¿Juventud divino tesoro?

Nada más conocerse los tres primeros nombramientos ministeriales de Gustavo Petro —Jorge Leyva, José Antonio Ocampo y Patricia Ariza—, que rondan o superan los 70 años de edad, esas jaulas de grillos que son las redes sociales se encendieron clamando al escándalo por el hecho de que personas tan mayores fueran llamadas a ocupar esos cargos. Parece que muchos esperaban un nuevo kínder político y se sintieron decepcionados.

Les tengo malas noticias: políticos jóvenes no son necesariamente garantía de calidad. Hace cuatro años, este país eligió presidente a un poco menos que desconocido político de 41 años y a la vista está el resultado. La ironía del cuento es que muchos votaron por Iván Duque por miedo a Gustavo Petro, porque lo dijo Uribe, para terminar viendo a Petro sentado en el sillón presidencial. Total, cuatro años perdidos con la gestión del muchachito.

Es cierto que la edad llega emparejada con limitaciones físicas, eso no lo niega nadie. Es una de las razones por las que todos los seres humanos deseamos tener una vida larga, pero nadie quiere ser viejo. Históricamente, la vejez se ha movido entre dos polos: la sabiduría y la enfermedad; esto ha sido así en la nuestra y en otras civilizaciones. Por eso creo que el nombramiento de ministros de la “tercera edad” plantea una cuestión interesante, no necesariamente resuelta ni aquí ni en ninguna otra parte.

Es lo que ocurre en algunos países en el ámbito precisamente del conocimiento: ¿debe un gran profesor abandonar su magisterio por haber alcanzado la edad legal que le obliga a retirarse? En España, por ejemplo, hasta hace algunos años, a partir de los 70 los catedráticos tenían la opción de ser eventualmente profesores eméritos, si cumplían algunas exigencias y requisitos, y después de dos trienios se retiraban definitivamente de la universidad.

Cuenta José Antonio Marina, ensayista y educador español, que antiguamente se rezaba: “Dame, Señor, resignación para aceptar lo que no puedo cambiar; valor para cambiar lo que debo cambiar, y sabiduría para distinguir una cosa de otra”. El papel de la sabiduría en esta antigua petición resulta claro. “Todos sentimos nostalgia de la sabiduría, dice Marina, cuando ante un problema vital, urgente o dramático, desearíamos pedir consejo. Pero ¿a quién? El proverbio nos dice que al sabio y con esta palabra designamos a alguien que suponemos que tiene, al menos, conocimiento, bondad y perspicacia”. Una imponente mezcla que no suele prodigarse precisamente en la juventud.

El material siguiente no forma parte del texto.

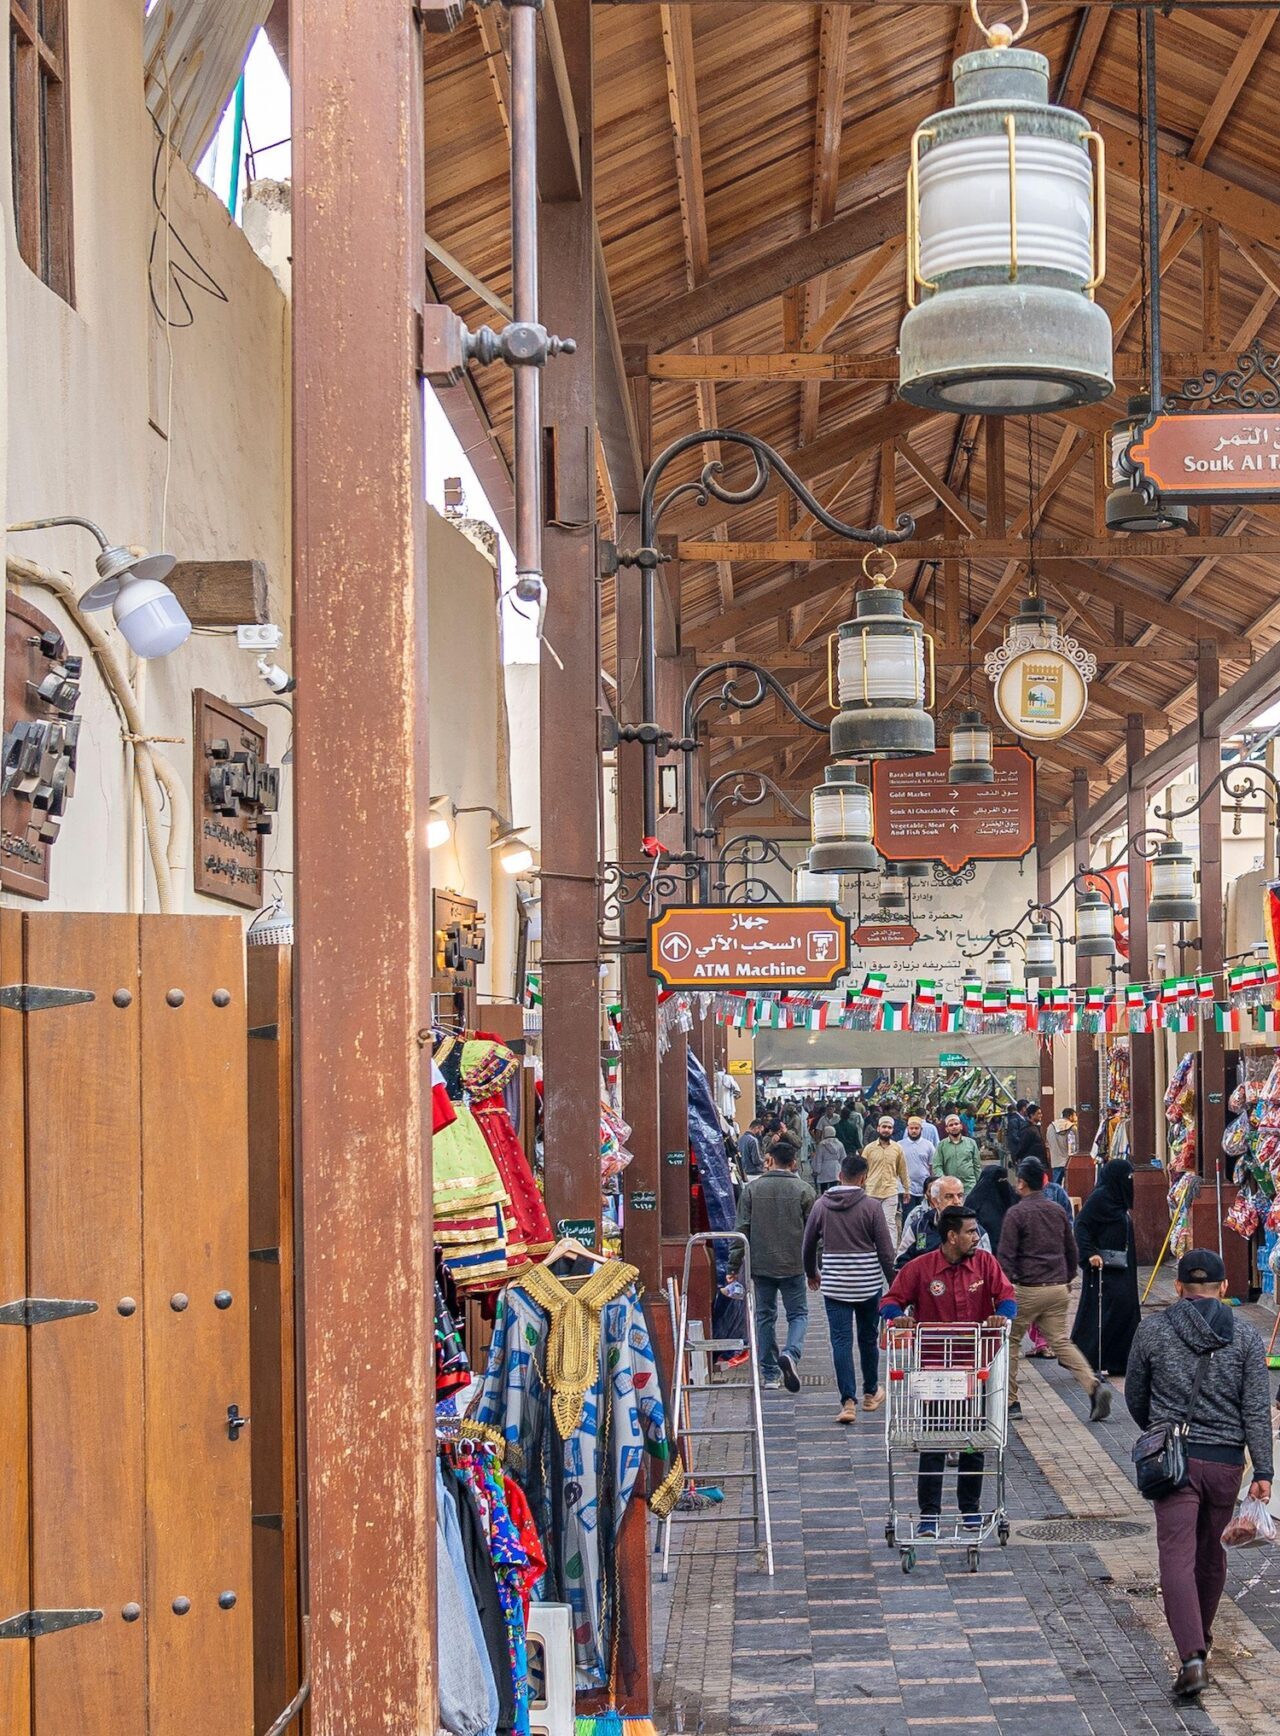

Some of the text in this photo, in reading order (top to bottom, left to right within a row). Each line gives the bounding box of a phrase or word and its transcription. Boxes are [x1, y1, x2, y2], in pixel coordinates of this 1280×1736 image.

[1213, 426, 1268, 452] التمر
[1183, 454, 1234, 472] Souk
[1241, 455, 1263, 471] Al
[1001, 789, 1018, 797] سوق
[729, 913, 769, 931] جهاز
[928, 911, 963, 922] بحضرة
[695, 934, 802, 958] السحب الآلي
[694, 962, 807, 977] ATM Machine
[869, 961, 890, 971] سوق

No digo que un país joven como Colombia deba añorar gerontocracias como se suelen dan en las sociedades asiáticas. Pero apreciar la labor de viejos políticos de cultura confuciana no nos vendría de más considerando lo que han hecho. En gran medida la transformación de China en el últimos cuarenta años se debe al papel jugado por Deng Xiaoping, un hombre que tomó las riendas del gigante asiático con 74 años. 

Esta misma semana, en una entrevista a The Sunday Times, Henry Kissinger, que ya ha cumplido 99 años, sentaba cátedra sobre la situación del mundo con una lucidez envidiable y, por supuesto, excepcional. De Vladimir Putin, con quien es posible que se haya reunido una veintena de veces en los últimos años, dijo que es el jefe de un Estado en declive. “Ha perdido el sentido de la proporción…, y lo que ha hecho este año no tiene excusa”. Kissinger lleva 45 años sin desempeñar un cargo público y su brillantez intelectual ha hecho que sea escuchado por todos los presidentes norteamericanos de entonces a hoy.

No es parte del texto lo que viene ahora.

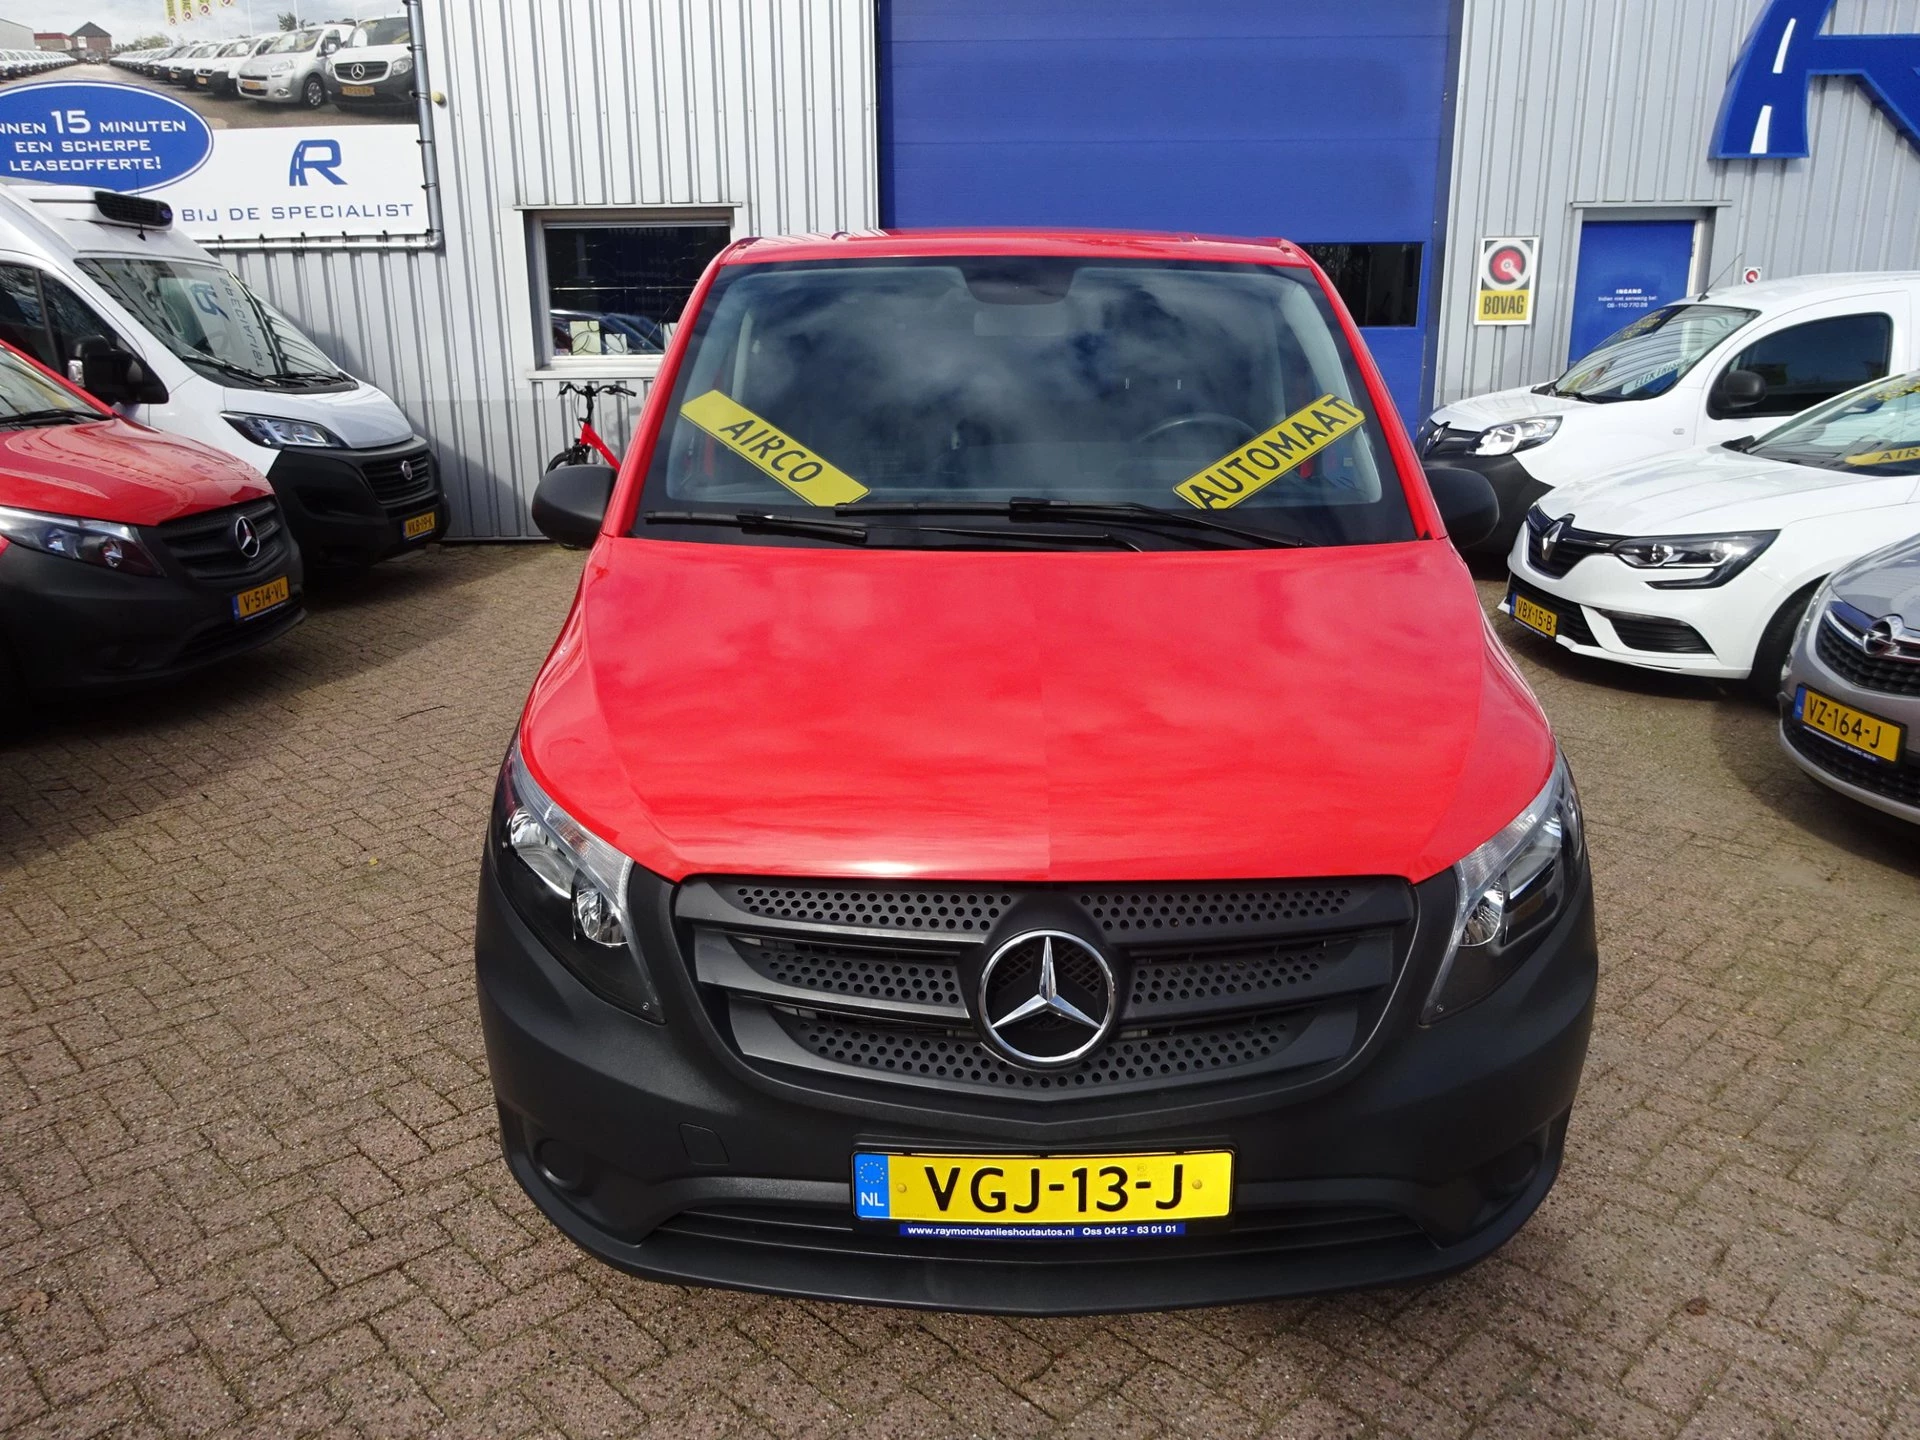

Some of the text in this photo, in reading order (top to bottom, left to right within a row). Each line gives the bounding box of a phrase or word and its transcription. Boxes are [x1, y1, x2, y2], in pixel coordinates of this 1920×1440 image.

[51, 109, 91, 135] 15
[99, 120, 187, 133] MINUTEN
[15, 139, 151, 153] EEN SCHERPE
[9, 156, 161, 172] LEASEOFFERTE!
[181, 203, 414, 222] BIJ DE SPECIALIST
[1483, 294, 1525, 315] BOVAG
[719, 419, 823, 483] AIRCO
[1188, 396, 1358, 510] AUTOMAAT
[243, 581, 286, 612] V-514-VL
[1517, 600, 1553, 631] VBX-15-B
[1808, 695, 1882, 750] VZ-164-J
[861, 1163, 1184, 1214] NL VGJ-13-J
[907, 1227, 1075, 1237] www.raymondvanlieshoutautos.nl
[1082, 1227, 1102, 1236] Oss
[1104, 1226, 1128, 1235] 0412
[1136, 1226, 1149, 1234] 63
[1151, 1225, 1162, 1234] 01
[1165, 1225, 1177, 1233] 01

Vivimos en la sociedad de la eterna juventud, caracterizada por la necesidad de una producción fugaz de nuevos conocimientos y habilidades tecnológicas en donde el viejo se mueve torpemente y donde los ciclos de cambio generacional se acortan cada vez más rápidamente; sin darnos cuenta que son los nuevos jóvenes quienes nos hacen viejos.

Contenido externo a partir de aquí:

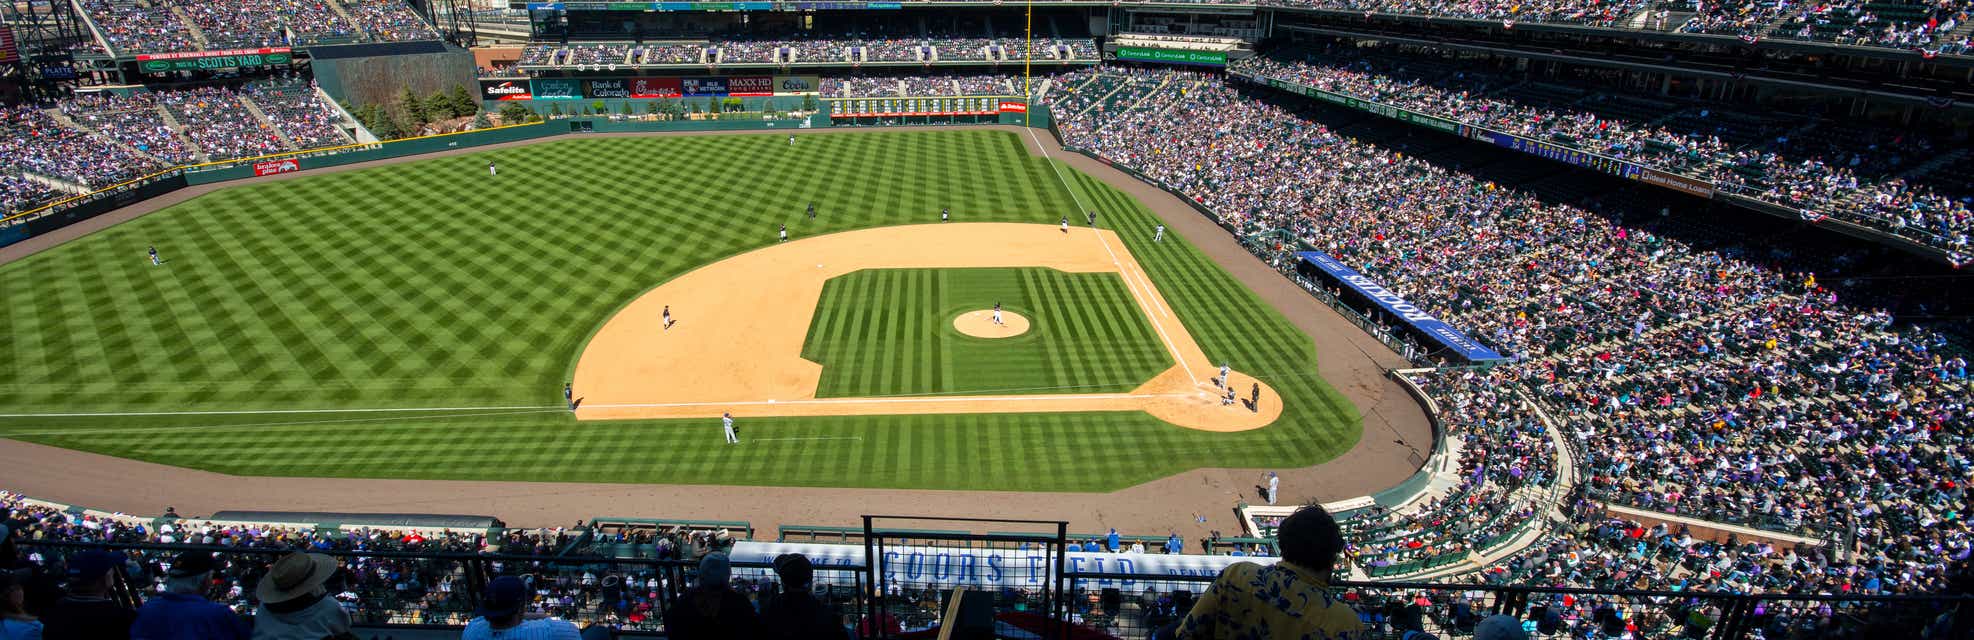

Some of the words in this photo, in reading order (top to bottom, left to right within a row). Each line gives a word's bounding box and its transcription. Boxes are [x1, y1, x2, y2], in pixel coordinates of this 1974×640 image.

Una cosa es que la sociedad proporcione a su juventud los medios para lograr cuanto antes plena independencia vital y económica; que los profesionales recién salidos de su formación encuentren puestos de trabajo y puedan tomar pronto las riendas de su existencia, y otra bien distinta despreciar y desperdiciar la sabiduría y el conocimiento que han dado a gentes de valor los años de trabajo y la experiencia de vida. 

Ni tanto que queme al santo ni tan poco que no lo alumbre, pues. A lo mejor el “ancianato” de Petro da mejor resultado que el presidente más joven que ha tenido Colombia. O nos vamos definitivamente al carajo.